Work request: Copy all records verbatim, images excluded.

Provided information:
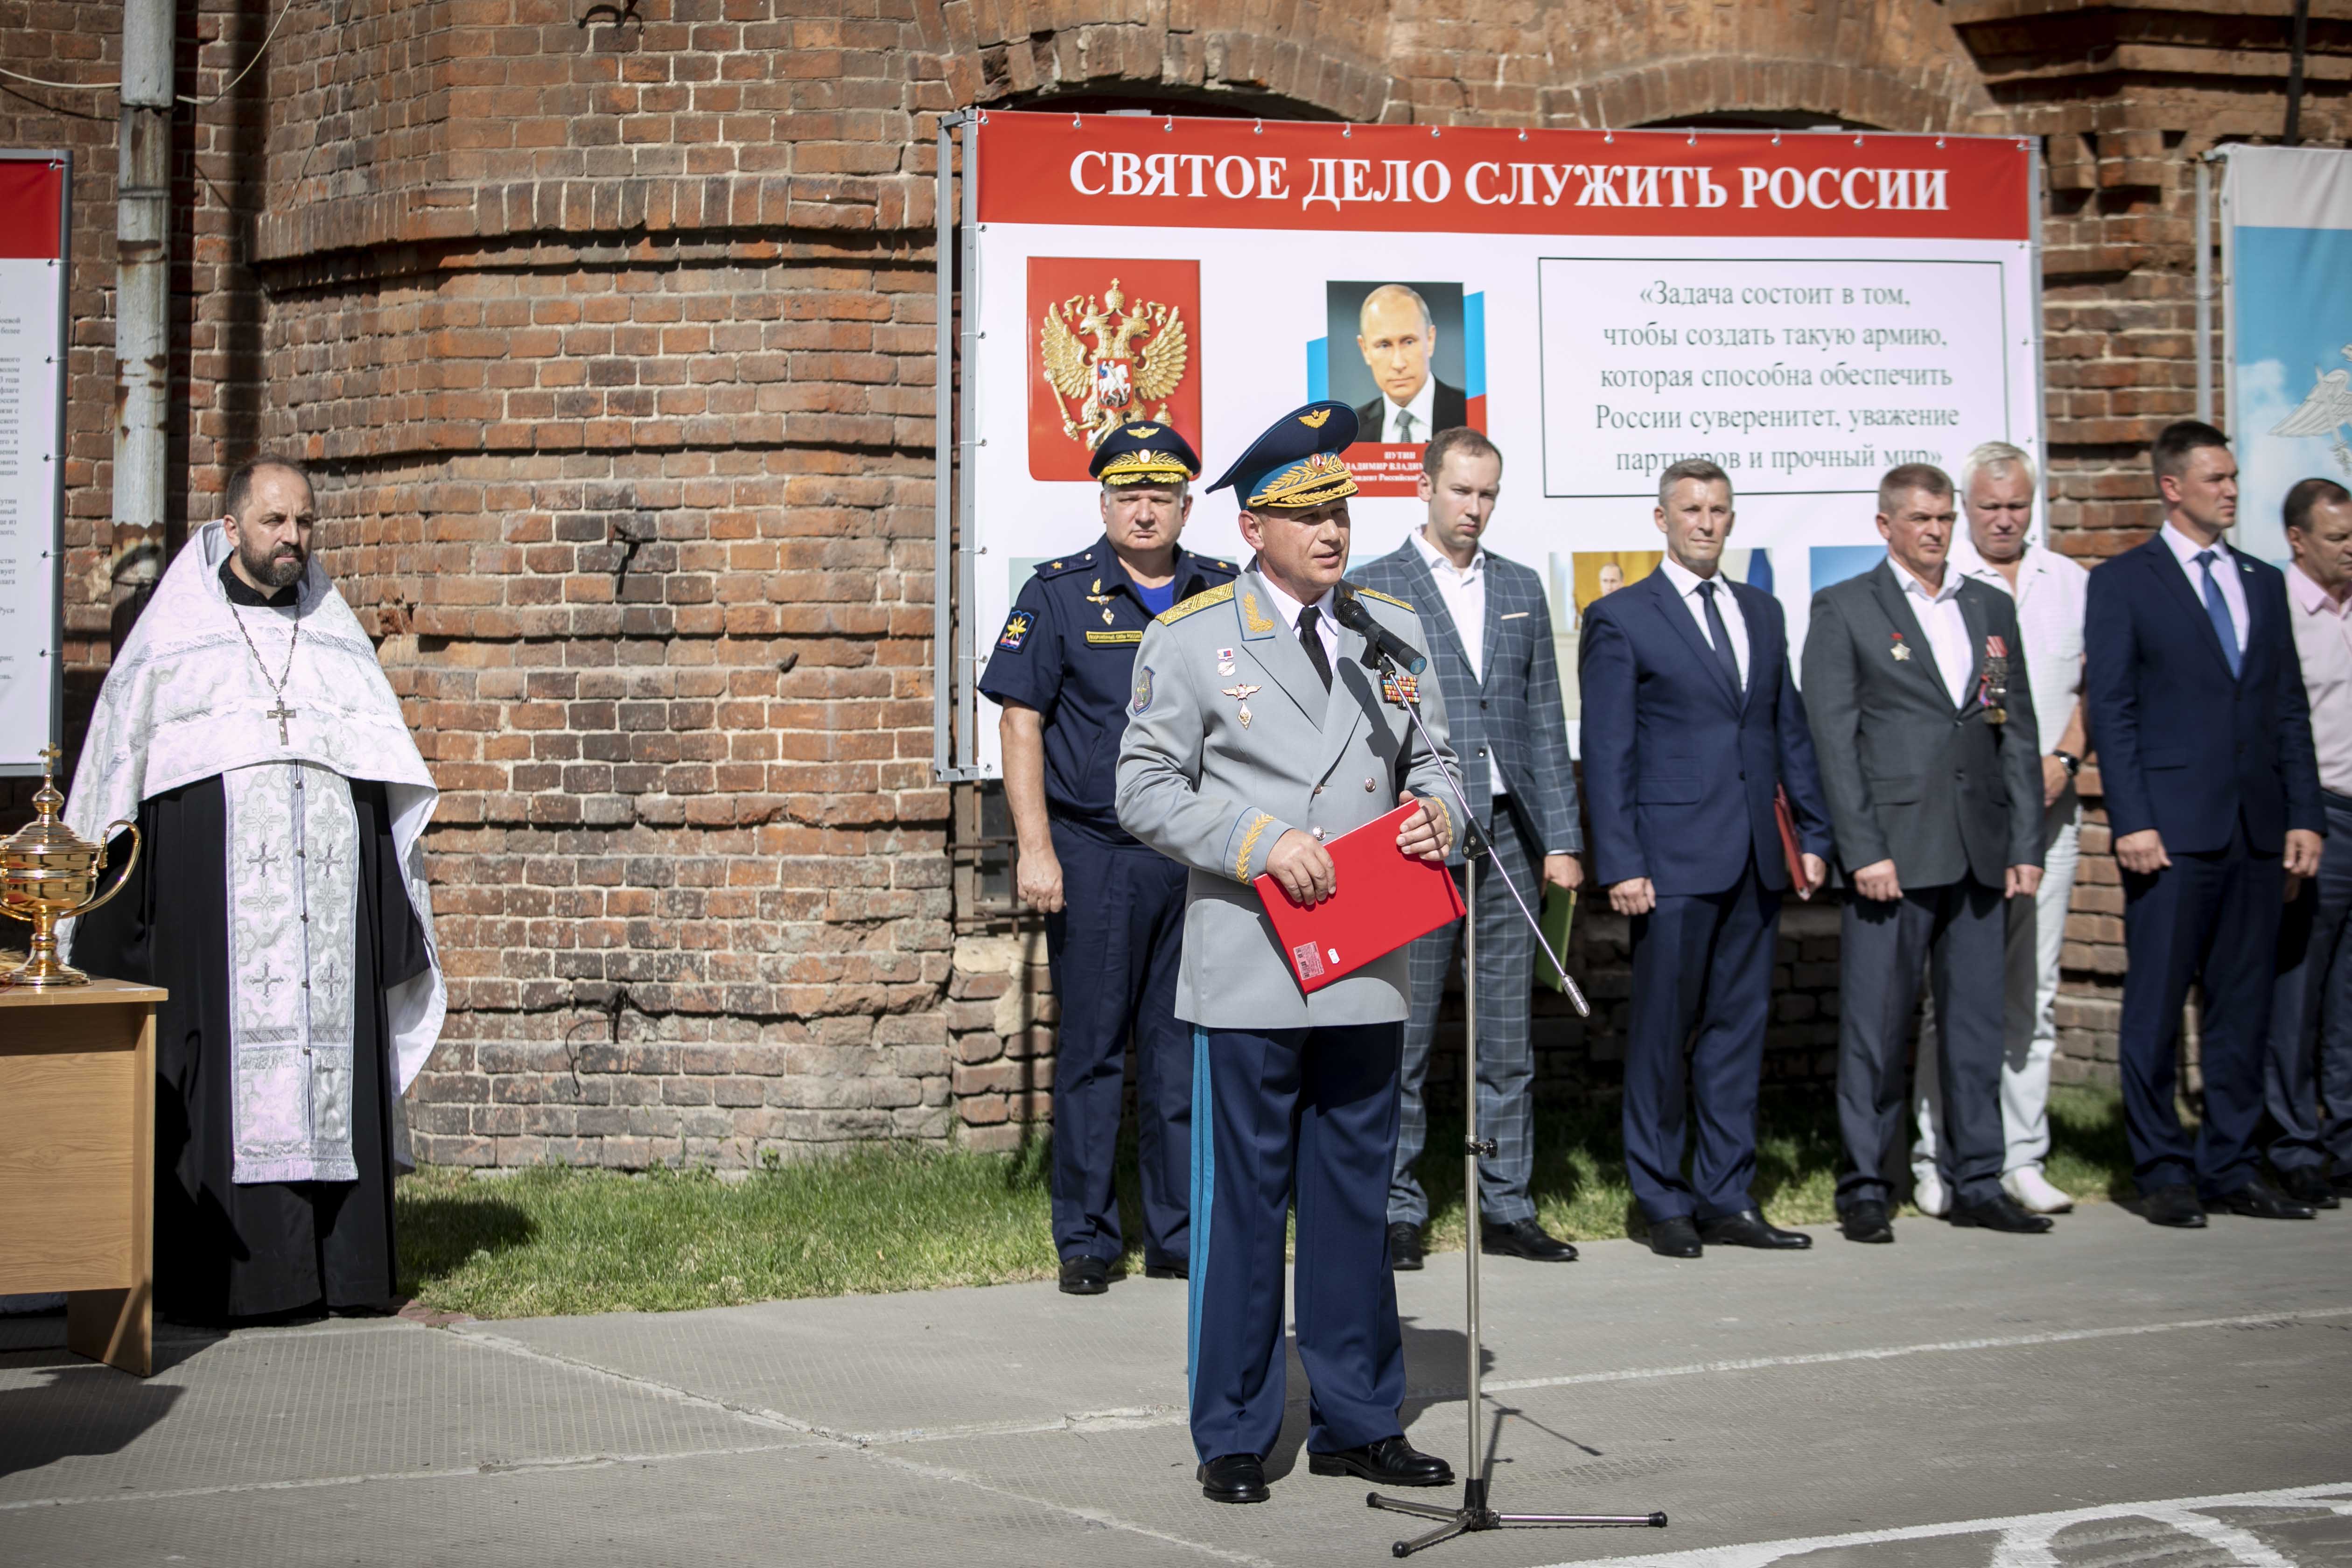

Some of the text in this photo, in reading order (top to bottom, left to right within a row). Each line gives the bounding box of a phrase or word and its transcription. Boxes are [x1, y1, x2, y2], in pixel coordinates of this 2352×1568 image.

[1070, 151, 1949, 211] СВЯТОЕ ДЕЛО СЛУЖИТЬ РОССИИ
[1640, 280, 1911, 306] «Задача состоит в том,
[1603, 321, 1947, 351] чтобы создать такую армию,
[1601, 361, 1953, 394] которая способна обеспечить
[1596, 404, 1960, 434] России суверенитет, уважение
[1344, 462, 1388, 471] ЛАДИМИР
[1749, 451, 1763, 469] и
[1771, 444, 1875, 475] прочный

Exercise output:
Some of the text in this photo, in reading order (top to bottom, left to right within a row). Each line gives the bounding box of a phrase or word and its transcription. Boxes are [x1, y1, x2, y2], in pixel coordinates of this 2352×1568 image.

[1070, 151, 1949, 211] СВЯТОЕ ДЕЛО СЛУЖИТЬ РОССИИ
[1640, 280, 1911, 306] «Задача состоит в том,
[1603, 321, 1947, 351] чтобы создать такую армию,
[1601, 361, 1953, 394] которая способна обеспечить
[1596, 404, 1960, 434] России суверенитет, уважение
[1344, 462, 1388, 471] ЛАДИМИР
[1749, 451, 1763, 469] и
[1771, 444, 1875, 475] прочный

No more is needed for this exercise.